● **AIM OF THE TASK**: Keep the wording of each record exactly the same when you repeat it, and leave out pictures.

┄┄┄┄┄┄

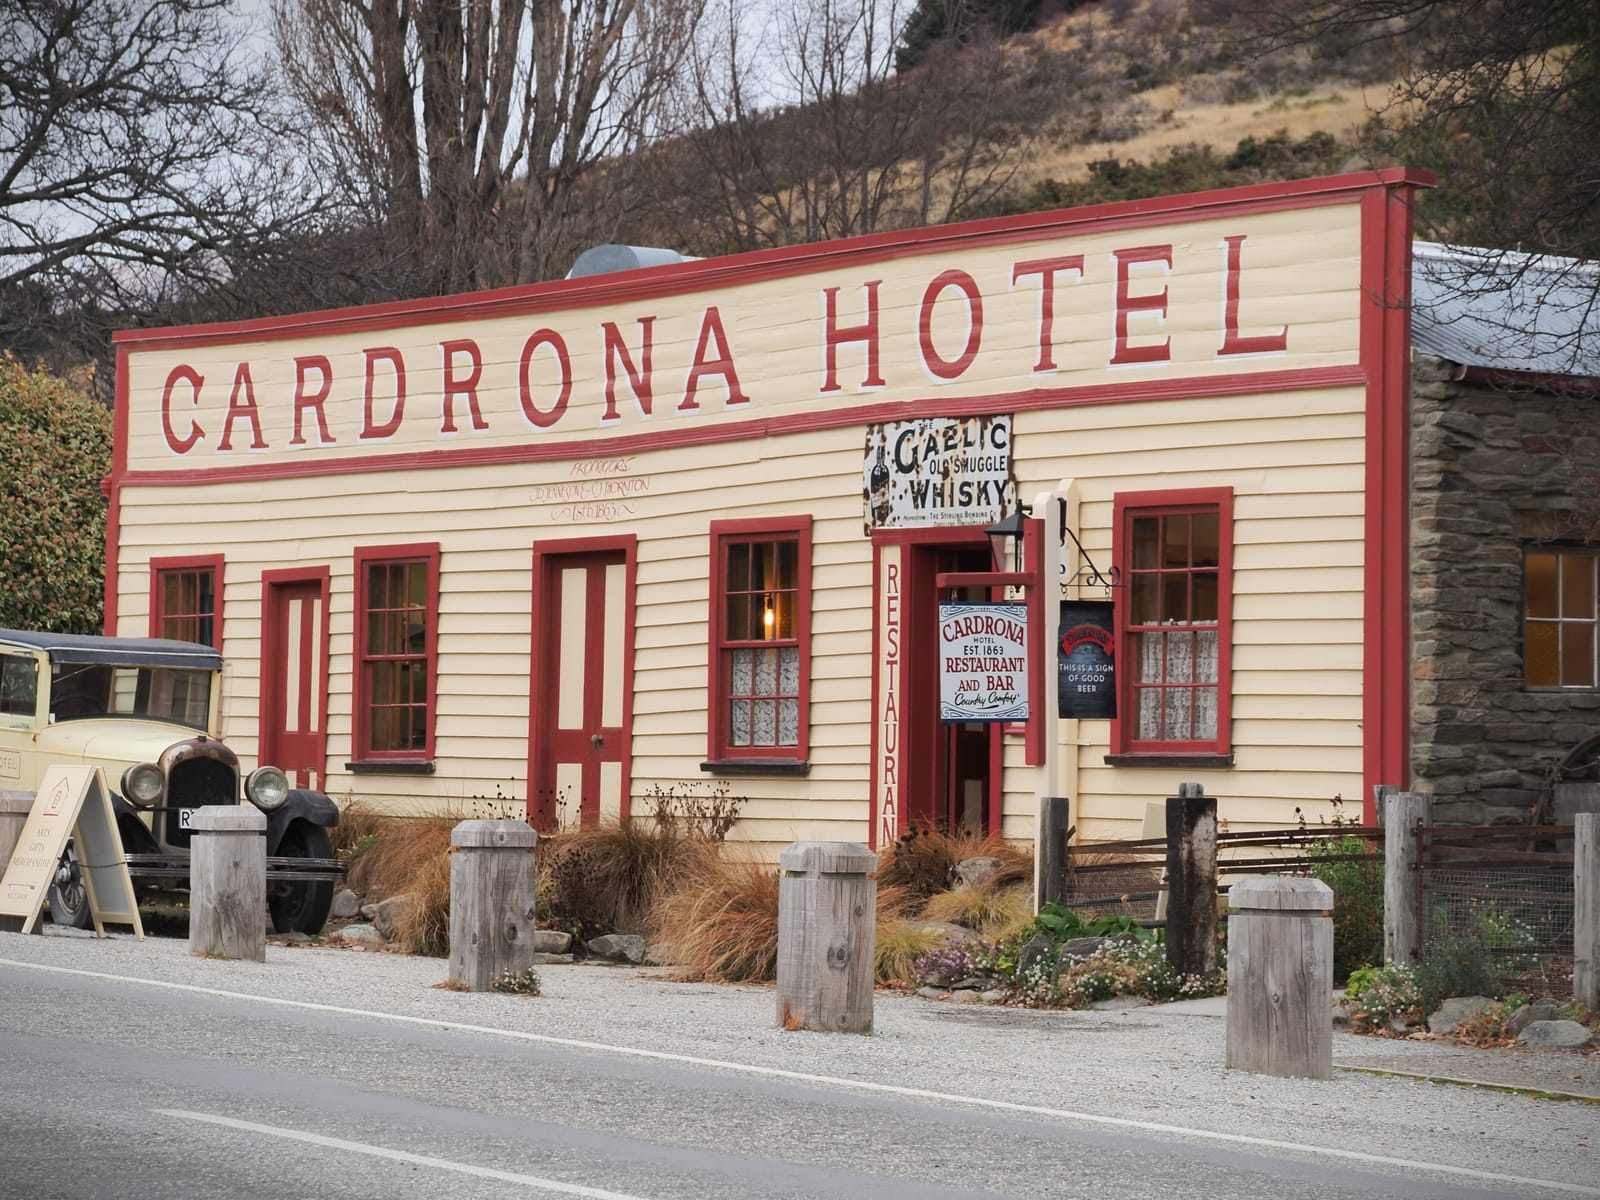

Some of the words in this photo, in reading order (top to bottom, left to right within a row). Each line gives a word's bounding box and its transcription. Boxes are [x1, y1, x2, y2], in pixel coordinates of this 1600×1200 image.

[160, 305, 751, 455] CARDRONA
[820, 234, 1290, 393] HOTEL
[894, 422, 1008, 475] GAELIC
[953, 454, 1010, 474] SMUGGLE
[942, 615, 1025, 647] CARDRONA
[983, 646, 1004, 656] 1863
[945, 657, 1025, 673] RESTAURANT
[1059, 664, 1076, 672] THIS
[1078, 664, 1086, 672] IS
[1087, 664, 1094, 672] A
[1095, 664, 1114, 673] SIGN
[958, 679, 981, 692] AND
[986, 675, 1015, 691] BAR
[1068, 674, 1079, 682] OF
[1081, 674, 1105, 683] GOOD
[1077, 684, 1097, 693] BEER
[881, 563, 899, 848] RESTAURAN

┄┄┄┄┄┄

● **RESULT**:
Some of the words in this photo, in reading order (top to bottom, left to right within a row). Each line gives a word's bounding box and its transcription. Boxes are [x1, y1, x2, y2], in pixel coordinates of this 1600×1200 image.

[160, 305, 751, 455] CARDRONA
[820, 234, 1290, 393] HOTEL
[894, 422, 1008, 475] GAELIC
[953, 454, 1010, 474] SMUGGLE
[942, 615, 1025, 647] CARDRONA
[983, 646, 1004, 656] 1863
[945, 657, 1025, 673] RESTAURANT
[1059, 664, 1076, 672] THIS
[1078, 664, 1086, 672] IS
[1087, 664, 1094, 672] A
[1095, 664, 1114, 673] SIGN
[958, 679, 981, 692] AND
[986, 675, 1015, 691] BAR
[1068, 674, 1079, 682] OF
[1081, 674, 1105, 683] GOOD
[1077, 684, 1097, 693] BEER
[881, 563, 899, 848] RESTAURAN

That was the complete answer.